Canonical gene details RHO uc003emt.1
RefSeq Summary (NM_000539): Retinitis pigmentosa is an inherited progressive disease which is a major cause of blindness in western communities. It can be inherited as an autosomal dominant, autosomal recessive, or X-linked recessive disorder. In the autosomal dominant form,which comprises about 25% of total cases, approximately 30% of families have mutations in the gene encoding the rod photoreceptor-specific protein rhodopsin. This is the transmembrane protein which, when photoexcited, initiates the visual transduction cascade. Defects in this gene are also one of the causes of congenital stationary night blindness.
(description snapshot 4 September 2008)
Alternate Gene Symbols: NM_000539, NP_000530, OPN2, OPSD_HUMAN, P08100, Q16414, Q2M249
created: tom 09:14, 4 September 2008 (PDT) uc003emt.1
The rhodopsin gene encodes the much-studied 7-transmembrane protein responsible for vertebrate dim light (grayscale) vision, with expression limited to retinal rod cells. Its 11-cis-retinal cofactor detects incoming photons but with wavelength sensitivity shifted from its inherent ultraviolet adsorption to a peak around 500 nm by a dozen tuning residues, not all in direct physical proximity. Evolution of RHO spectral tuning has been the subject of a Sept 2008 review.
There is profound potential for nomenclatural confusion because 'rhodopsin' is used indiscriminately for highly non-orthologous (melanopsin-class opsins) genes in fruit fly and other protostomes. Worse, the entire subdivision of GPCR (heterotrimeric G protein coupled receptors) is often called rhodopsin although many members have no connection whatsoever to photoreception. Consequently key word searches are all but useless at GenBank and PubMed for retrieving rod-specific opsin information.
Deuterostome imaging opsins such as RHO arose during the Cambrian subsequent to the divergences of echinoderms, urochordates and cephalochordates but prior to lamprey ancestor. However ciliary opsins themselves (which include RHO) arose in pre-Bilatera and persisted to the present day in non-imaging roles in both protostomes and deuterostomes. Imaging mono-color vision in cnidaria uses a ciliary opsin that is homologous to rhodopsin but more closely related in properties to encephalopsin and TMT opsin.
A common misconception is that rod vision arose first, with color vision a later elaboration. This is factually backwards as seen from lamprey which has a full complement of color vision opsins. There is near-universal agreement that the gene tree for imaging opsins is best described by serial tandem expansions of LWS (long wave sensitive), with RHO the last to emerge. Vertebrate imaging opsins themselves arose from ciliary opsin genes found today in pineal photoreceptors and their antecedents.
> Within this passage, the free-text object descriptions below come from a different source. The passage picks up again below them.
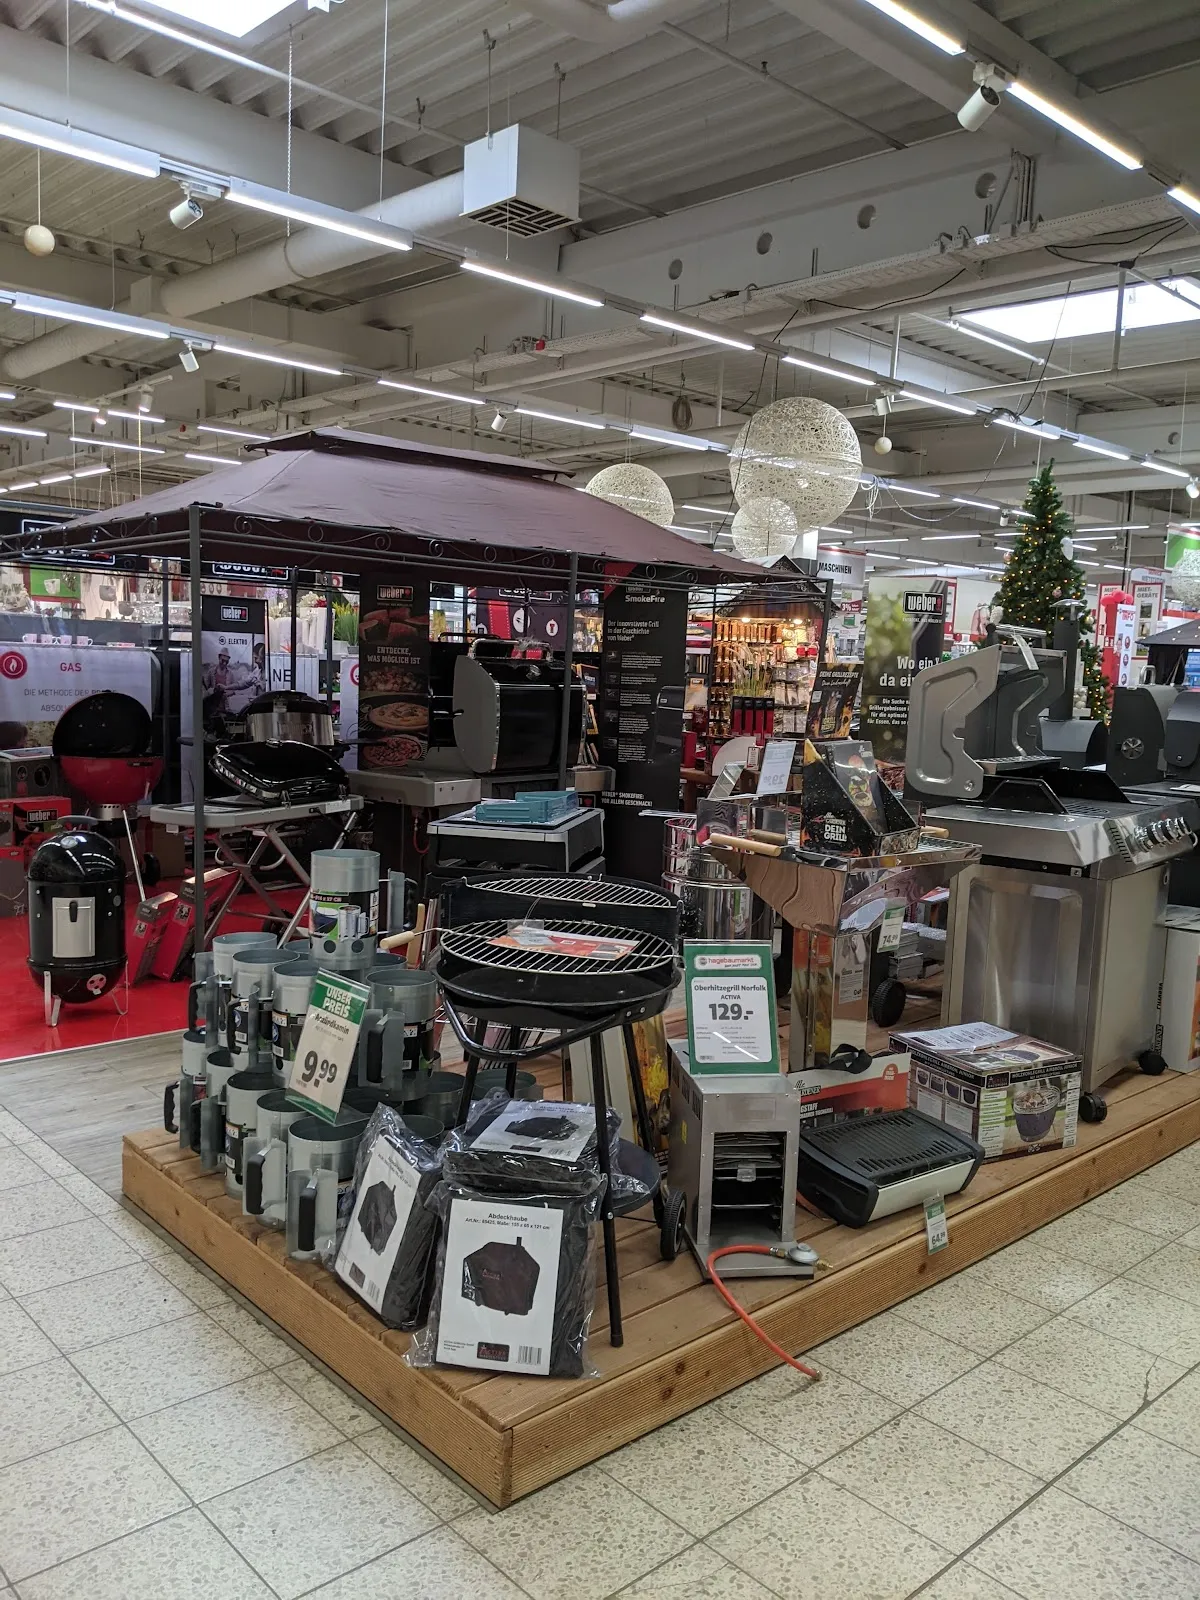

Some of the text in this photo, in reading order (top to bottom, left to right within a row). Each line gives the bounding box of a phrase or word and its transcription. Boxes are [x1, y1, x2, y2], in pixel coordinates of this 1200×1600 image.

[819, 562, 852, 575] MASCHINEN
[380, 586, 404, 599] weber
[625, 594, 666, 603] SmokeFire
[907, 593, 936, 611] weber
[223, 606, 242, 619] weber
[377, 646, 411, 656] ENTDECKE,
[367, 654, 421, 665] WAS MÖGLICH IST
[897, 656, 915, 670] Wo
[60, 662, 82, 672] GAS
[880, 673, 896, 686] da
[38, 689, 73, 697] METHODE
[29, 810, 51, 821] weber
[825, 824, 846, 833] DEIN
[694, 984, 740, 993] Oberhitzegrill
[326, 986, 352, 1005] UNSER
[323, 996, 351, 1018] PREIS
[708, 1003, 754, 1020] 129.-
[301, 1050, 338, 1088] 9.99
[488, 1213, 528, 1222] Abdeckhaube
Even though the circumscribed era of ciliary opsin gene expansion matches perfectly, the overall opsin gene tree topology conflicts with theories of one or two rounds of whole genome polyploidization prior to lamprey divergence. If 1R or 2R occured, it was irrelevent to opsin gene family expansion (notably to the emergence of RHO) because the history here appears entirely tandem duplications followed by local inversions and later translocations to other chromosomes.
RHO was named in the 1870s by Kuehne but it took over a century to determine the first structure of bovine rhodopsin, a great advamce in the overall understanding of GPCR signaling proteins. Hundreds of other human genes can be modeled accurately via this structure, though not to the level of detail needed for pharmacological work. While peak optical adsorptions in rhodopsin and other imaging opsins can be accurately predicted just from primary sequence, only 3D structure can suggest the chemical basis.
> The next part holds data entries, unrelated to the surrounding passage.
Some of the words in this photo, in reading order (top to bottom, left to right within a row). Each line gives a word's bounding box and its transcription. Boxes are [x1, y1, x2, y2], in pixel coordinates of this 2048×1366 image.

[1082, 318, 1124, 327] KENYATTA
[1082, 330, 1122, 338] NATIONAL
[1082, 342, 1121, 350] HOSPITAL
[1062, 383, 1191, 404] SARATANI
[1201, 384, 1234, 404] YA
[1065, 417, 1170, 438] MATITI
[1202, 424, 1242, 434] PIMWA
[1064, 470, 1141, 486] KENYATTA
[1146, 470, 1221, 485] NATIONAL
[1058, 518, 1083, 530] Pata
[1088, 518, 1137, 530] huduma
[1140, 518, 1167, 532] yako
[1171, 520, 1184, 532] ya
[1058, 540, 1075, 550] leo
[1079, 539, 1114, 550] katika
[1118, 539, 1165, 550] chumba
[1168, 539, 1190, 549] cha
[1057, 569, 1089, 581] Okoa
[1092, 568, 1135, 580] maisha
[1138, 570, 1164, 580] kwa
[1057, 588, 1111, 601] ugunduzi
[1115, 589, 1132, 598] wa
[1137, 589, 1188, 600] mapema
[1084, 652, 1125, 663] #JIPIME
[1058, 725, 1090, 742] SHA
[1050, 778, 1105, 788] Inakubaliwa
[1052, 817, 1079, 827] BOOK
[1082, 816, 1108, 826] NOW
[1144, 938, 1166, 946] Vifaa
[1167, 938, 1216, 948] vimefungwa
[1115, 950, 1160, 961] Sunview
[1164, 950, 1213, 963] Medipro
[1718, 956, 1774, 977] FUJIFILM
RHO orthologs have been sequenced for a great many species. However for many purposes it is preferable to use a phylogenetically dispersed representative sub-sample. For example, chondrichthyes furnish an excellent close-in outgroup to over-sampled teleost fish. A curated collection of RHO (and all other opsins) is available in the comparative genomics section of genomeWiki.
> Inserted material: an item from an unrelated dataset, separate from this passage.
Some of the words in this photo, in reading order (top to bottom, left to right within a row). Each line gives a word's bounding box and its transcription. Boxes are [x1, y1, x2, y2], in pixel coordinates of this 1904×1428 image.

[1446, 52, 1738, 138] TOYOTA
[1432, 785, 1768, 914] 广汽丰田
Rhodopsin directly interacts with several other proteins during the visual cycle; notably a particular alpha subunit of heterotrimeric G protein called rod transducin (GNAT1 gene product) initiates the downstream signalling cascade. Here a short cytoplasmic peptide at the boundary of the last transmembrane segment of rhodopsin binds to the carboxy terminal region of transducin, probably explaining sequence conservation of rhodopsin in this region. Cone opsins utilize GNAT2, another of the 16 alpha subunit genes in humans.
Rhodopsin is unusual in having a dedicated transducin because most alpha subunits must service a wide variety of different GPCR proteins. This situation -- components with different duplication histories, lineage-specific gains and losses, non 1:1 correspondence to opsins, and multiple use across different signaling systems -- highlights the nuances of addressing Darwin's question of how many times vision evolved.